Solve the equations and check your answers.

1. $\sqrt{x+5}=6$

2. $5\sqrt{2x-1}+1=26$

3. $\sqrt[4]{3x+11}-2=3$

1. The radical is already isolated here. Square both sides and solve for $x$ .

$\sqrt{x+5}^2&=6^2 \\x+5&=36 \\x&=31$

Check: $\sqrt{31+5}=\sqrt{36}=6$

2. Isolate the radical by subtracting 1 and then dividing by 5.

$5\sqrt{2x-1}+1&=26 \\5\sqrt{2x-1}&=25 \\\sqrt{2x-1}&=5$

Square both sides and continue to solve for $x$ .

$\sqrt{2x-1}^2&=5^2 \\2x-1&=25 \\2x&=26 \\x&=13$

Check: $5\sqrt{2 \left(13\right)-1}+1=5\sqrt{26-1}=5\sqrt{25}+1=5 \cdot 5+1=25+1=26$

3. In this problem, we have a fourth root. That means, once we isolate the radical, we must raise both sides to the fourth power to eliminate it.

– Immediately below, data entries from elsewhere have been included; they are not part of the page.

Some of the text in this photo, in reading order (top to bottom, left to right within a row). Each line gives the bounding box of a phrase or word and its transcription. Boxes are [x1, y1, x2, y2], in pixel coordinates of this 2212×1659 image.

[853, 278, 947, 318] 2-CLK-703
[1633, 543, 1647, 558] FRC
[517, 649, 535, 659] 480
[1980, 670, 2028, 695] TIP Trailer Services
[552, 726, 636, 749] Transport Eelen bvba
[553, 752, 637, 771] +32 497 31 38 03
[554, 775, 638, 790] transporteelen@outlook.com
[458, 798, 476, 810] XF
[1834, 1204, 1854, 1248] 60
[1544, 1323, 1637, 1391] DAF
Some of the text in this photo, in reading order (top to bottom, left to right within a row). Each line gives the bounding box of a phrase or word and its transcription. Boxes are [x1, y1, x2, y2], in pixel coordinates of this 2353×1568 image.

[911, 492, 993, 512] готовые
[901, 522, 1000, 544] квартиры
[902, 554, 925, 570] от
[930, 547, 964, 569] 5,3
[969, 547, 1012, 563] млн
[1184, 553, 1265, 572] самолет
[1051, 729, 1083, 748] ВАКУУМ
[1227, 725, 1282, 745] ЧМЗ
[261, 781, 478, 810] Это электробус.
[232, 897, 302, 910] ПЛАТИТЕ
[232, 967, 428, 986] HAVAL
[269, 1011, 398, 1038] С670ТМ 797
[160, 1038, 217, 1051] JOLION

$\sqrt[4]{3x+11}-2&=3\\\sqrt[4]{3x-11}^4&=5^4\\3x-11&=625\\3x&=636\\x&=212$

Check: $\sqrt[4]{3 \left(212\right)+11}-2=\sqrt[4]{636-11}-2=\sqrt[4]{625}-2=5-2=3$

### Vocabulary

Extraneous Solution
A solved-for value of $x$ , that when checked, is not actually a solution.

### Practice

Determine if the given values of x are solutions to the radical equations below.

1. $\sqrt{x-3}=7; x = 32$
2. $\sqrt[3]{6+x}=3; x = 21$
3. $\sqrt[4]{2x+3}-11=-9; x = 6$

Solve the equations and check your answers.

1. $\sqrt{x+5}=6$
2. $2- \sqrt{x+1}=0$
3. $4 \sqrt{5-x}=12$
4. $\sqrt{x+9}+7=11$
5. $\frac{1}{2}\sqrt[3]{x-2}=1$
6. $\sqrt[3]{x+3}+5=9$
7. $5\sqrt{15-x}+2=17$
8. $-5=\sqrt[5]{x-5}-7$
9. $\sqrt[4]{x-6}+10=13$
10. $\frac{8}{5}\sqrt[3]{x+5}=8$
11. $3 \sqrt{x+7}-2=25$
12. $\sqrt[4]{235+x}+9=14$

### Vocabulary Language: English

Extraneous Solution

Extraneous Solution

An extraneous solution is a solution of a simplified version of an original equation that, when checked in the original equation, is not actually a solution.

A quadratic equation is an equation that can be written in the form $=ax^2 + bx + c = 0$, where $a$, $b$, and $c$ are real constants and $a\ne 0$.

The quadratic formula states that for any quadratic equation in the form $ax^2+bx+c=0$, $x=\frac{-b \pm \sqrt{b^2-4ac}}{2a}$.

A radical expression is an expression with numbers, operations and radicals in it.